A: I wrote all the curriculum...all the verbiage. And it’s based off of the tours I typically give in person.

If there were portraits that we were describing, I did all the male portraits, and Eleanor did all the female portraits. So they have a male and female voice, and other than that, we just kind of divided up the rooms…

We had originally thought about the idea of having students come and record it. But we were concerned that if we had errors or things to fix, then we would have to track the students down and it would become a big logistical hassle. So she and I did it, and we did have to go back and re-record some stuff that just didn’t sound good, or the audio was not right, so I’m glad we did that.

Q: I’ve noticed some students aren’t as enthusiastic about American history. So if I’m just trying to get into American history, what should I take away from Independence Hall?

A: A couple things I’ve noticed... Sometimes students don’t even know what it is they are looking at. And they’ll walk in the building and they’ll say, "What is this supposed to be?"

This highlights to me the real need for our mission through the Morris Family Center for Law and Liberty, and that is to educate young people...about our history and our nation’s founding principles...

If you don’t even recognize Independence Hall, that tells me there’s been a gap in your education…

Part of [the goal of education] is to understand why Independence Hall is significant as the birthplace of the Declaration of Independence and the U.S. Constitution... The other part is to explore the principles that come out of those documents and why they are important.

Kirsten Passmore is studying Political Science at HCU. Below, she reflects on her experience with Independence Hall.

Dr. Hammons announced that we were going on a field trip on my last day of class. I knew where we were headed: the Assembly Room, where the Founding Fathers gathered to discuss and sign the Declaration and Constitution.

It was also where my class would finish discussing the Federalist Papers. Walking in, I imagined myself as a Founding Father debating whether to ratify the Constitution.
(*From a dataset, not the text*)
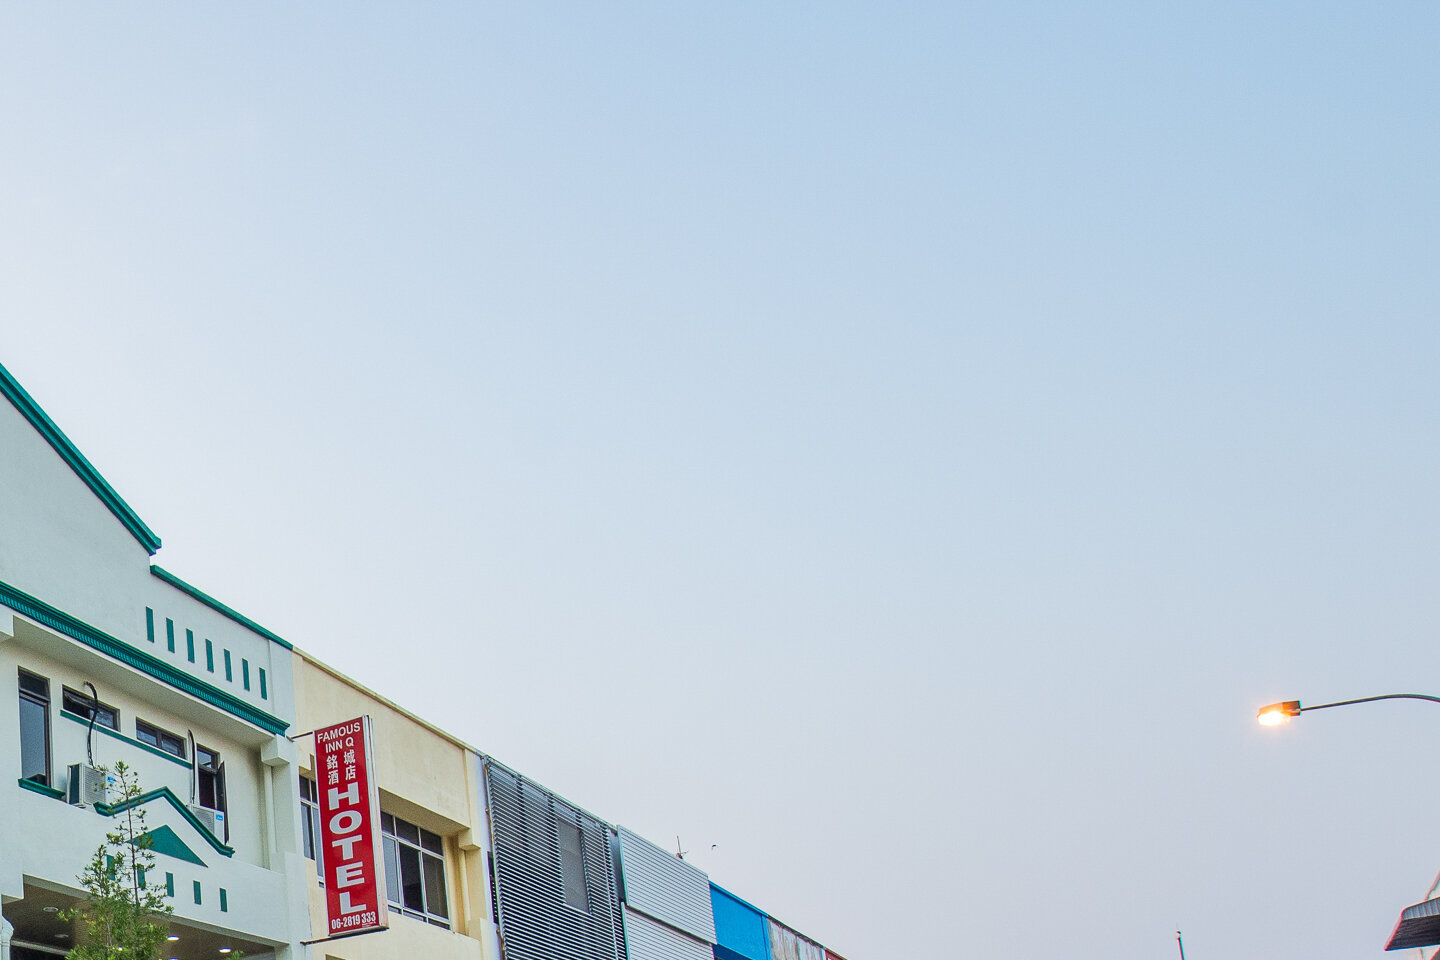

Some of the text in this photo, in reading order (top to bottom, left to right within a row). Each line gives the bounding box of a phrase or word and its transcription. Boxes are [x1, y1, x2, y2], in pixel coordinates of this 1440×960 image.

Dr. Hammons shared that “after fifteen years of fundraising...all over city, and the state, and the nation, [Independence Hall] opened last year and was funded by donors... This was all a gift to the university. And we want to use it to teach American history, American government, and law. We use it for tourists—for groups that come in and want a history discussion…”

Elementary and high-school groups from Austin and San Antonio have also come to visit and learn. Independence Hall is one of the things that make Houston Christian University unique.

Conflict of Interest Statement: Kirsten Passmore is a student at HCU and an advisee of Dr. Chris Hammons. Tyess Korsmo is an alumnus of HCU and has taught English there for five semesters.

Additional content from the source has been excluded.